那段时间,看佛经使我产生了远离尘世的平静,但这种平静也使自己对生活中的种种事情都提不起兴趣。随着读书的逐渐深入,我心中的迷惑也越来越多。其时,有好友在修行某一法门,每日专心打坐,并劝我同修。我当时左右傍徨,总觉得搞清佛学的道理就好了,不想以信仰宗教的方式陷入太深;但同时,又被佛教的教理深深吸引,感到这样博大精深的智慧,完全超越了我的头脑那有限的思维能力,如不实修,恐不能真正体解其奥义。这种两难境况也使我产生了不大不小的烦恼。
阳历3月底的一个周末,好友约我去北京法源寺听讲《心经》,说是讲经的法师是中国佛学院的研究生,水平很高。我当时正在写一个20集的电视剧本,每日被老板催进度,夜夜睡眠不足,见什么都心烦,当即就毫不客气地回绝了。谁知朋友一而再,再而三地打来电话,软硬兼施迫我非去不可。我最烦被人强迫,于是屡次拒绝,且态度越来越恶劣。
但是放下电话,我心里却动了动——我喜欢《心经》。
于是在反复权衡之后,我决定抽出一个上午的时间,去大名鼎鼎的法源寺看看,去听听那出家师父对我心爱的《心经》到底说些什么。
初春的早晨,我辗转来到北京南城,由于寻路耽误了时间,走进法源寺大门时,远处已传来《香赞》的梵唱。穿过院落,经过殿堂,梵呗声中,法源寺展开了它静谧安详的怀抱。我走到大雄宝殿跟前,法师升座的仪式正在进行,梵呗唱赞就是从这里发出的。唱声愈大了,两厢的信众虔诚对立着,讲坛上,一袭袈裟的宽见法师端然静坐,双手合十,法相庄严。

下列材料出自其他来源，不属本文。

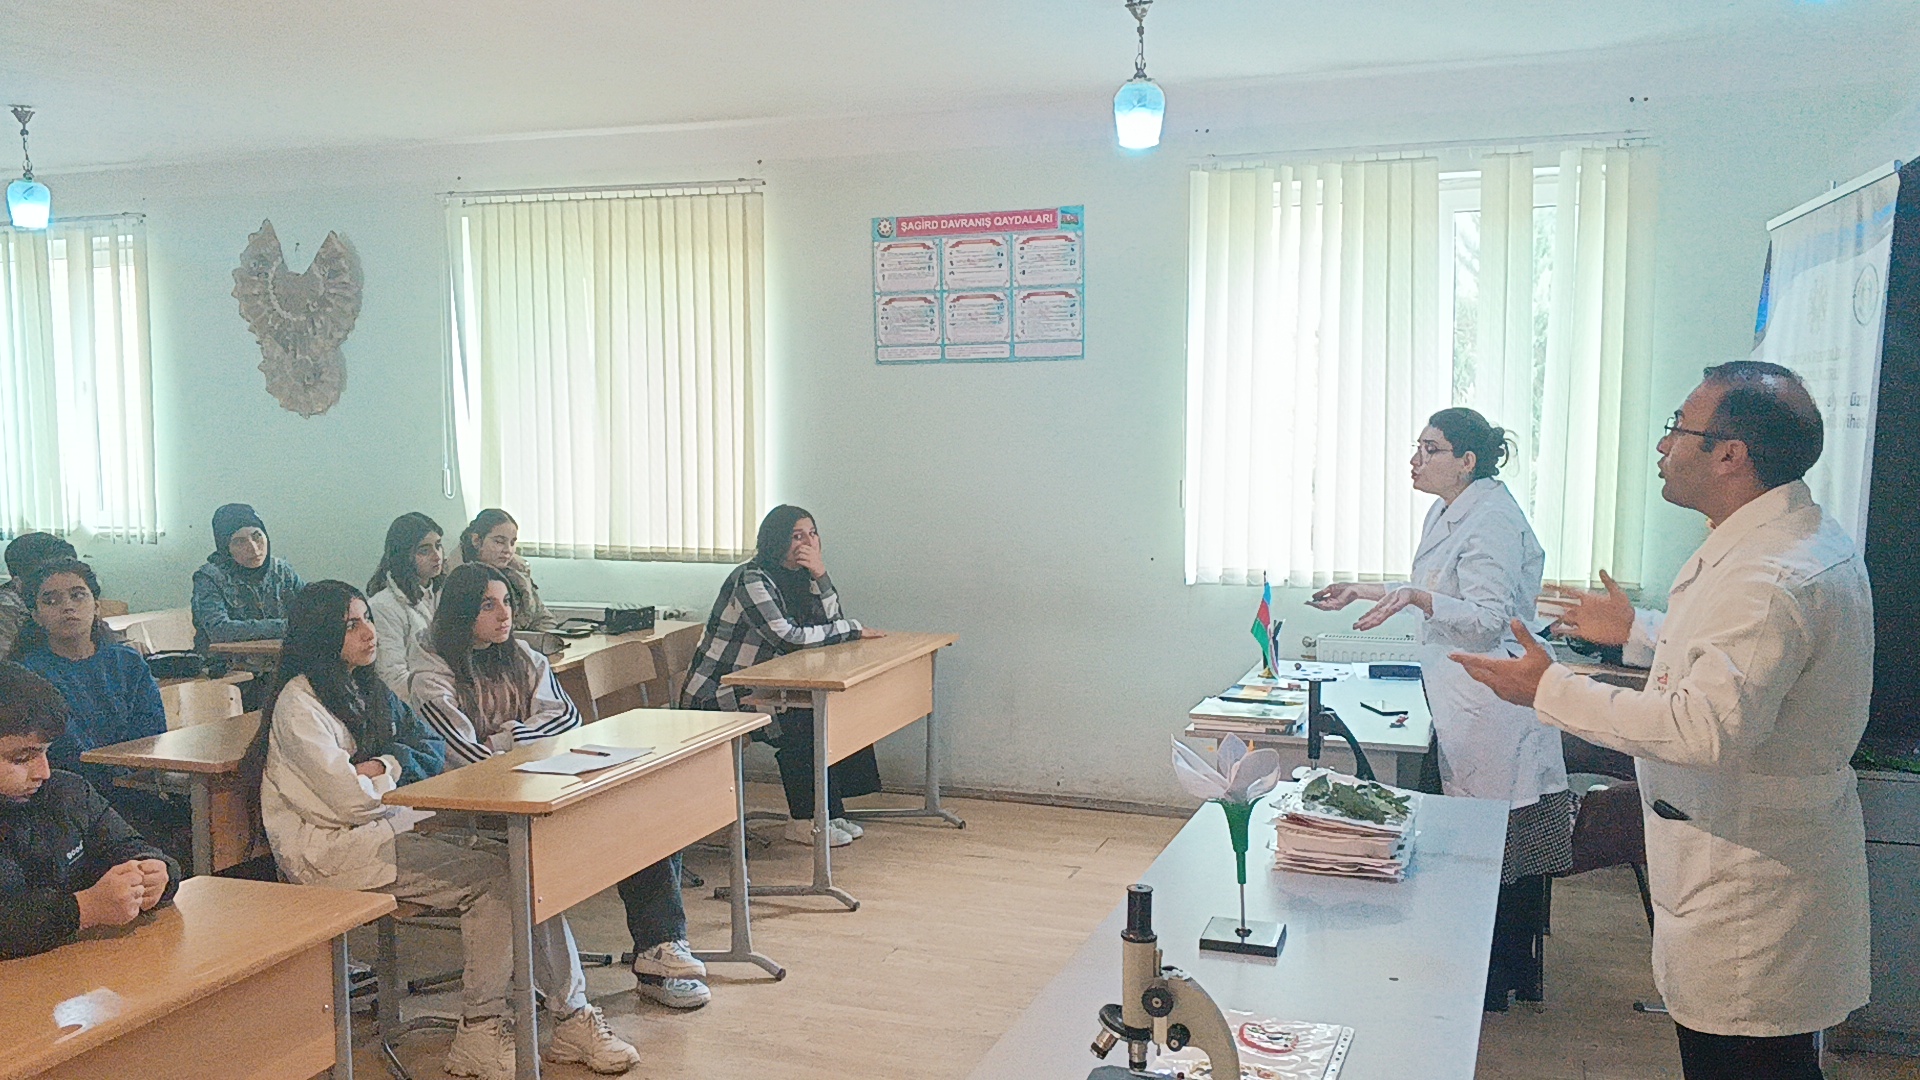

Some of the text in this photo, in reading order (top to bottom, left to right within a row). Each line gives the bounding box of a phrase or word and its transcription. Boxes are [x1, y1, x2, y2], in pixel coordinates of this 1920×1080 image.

事后回想,这个殊胜时刻一定早已在冥冥中注定,累世累劫的因缘已为它的到来作好了铺垫和准备——以《心经》为契机,我终于见到了将要指导我修学佛法的师父。只是,当时的我对此茫然不知。
那是佛历二五四九年的初春,新年伊始。
照进心底的智慧光芒
每个星期天早晨,宽见法师在大雄宝殿讲经,我都按时来听讲。
宽见法师讲《心经》并不只是按照经文进行解释,而是把修学佛法的正确观念、常识和方法融汇在其中,由于来此听经的人对佛法的认识水平参差不齐,许多人是初入佛门,这种讲法便发挥出优势。四圣谛、八正道、十二因缘、戒定慧、闻思修、修行次第等等这些在书本上看得吃力的概念,被宽见法师讲得非常清楚生动,同时,他还把现实生活和佛法紧密联系起来,指点出我们常人惯用的思维模式的错误之所在以及应该如何将佛陀的教诲运用在生活里,使听者智慧渐开,受益匪浅。
讲到“五蕴自性皆空”的时候,师父说:“一切物质和精神现象都是依各种因缘而存在的,‘空’不是说它没有,而是说它无自性。如‘梦幻泡影’的存在,并不是说‘梦幻泡影’就不存在。”这番话使我很久以来的疑问烟消云散——我也以为“空”就是“没有”,所以读了佛经就对生活里的事情提不起兴致去做,原来错了,“真空”和“妙有”竟然是一体两面呢!由此,师父引申道:“我们对万事万物的自性的执著是虚妄的,不执著、不贪著,由此产生的烦恼就熄灭了,轮回就停止了。通过思维,寻找‘我’是不停变化、空无自性的,对‘自我’的贪著就会消除,从而得到清安欢喜,心就会变大变空。而执著于‘我的得失’、‘我的名利’、‘我的利害关系’……烦恼就从此产生。你执著什么,什么就会伤害你!”原来如此!用“震惊”来形容我听到这些话的感受并不为过,它就象一面镜子树在我面前,清清楚楚照出了我的心——终日被无数烦恼所困扰着的可怜的心。我一直觉得自己很不错、很努力,抱怨运气不好,嗔怪机遇不降临,这才发现原来全是自己的造作,自己的贪著!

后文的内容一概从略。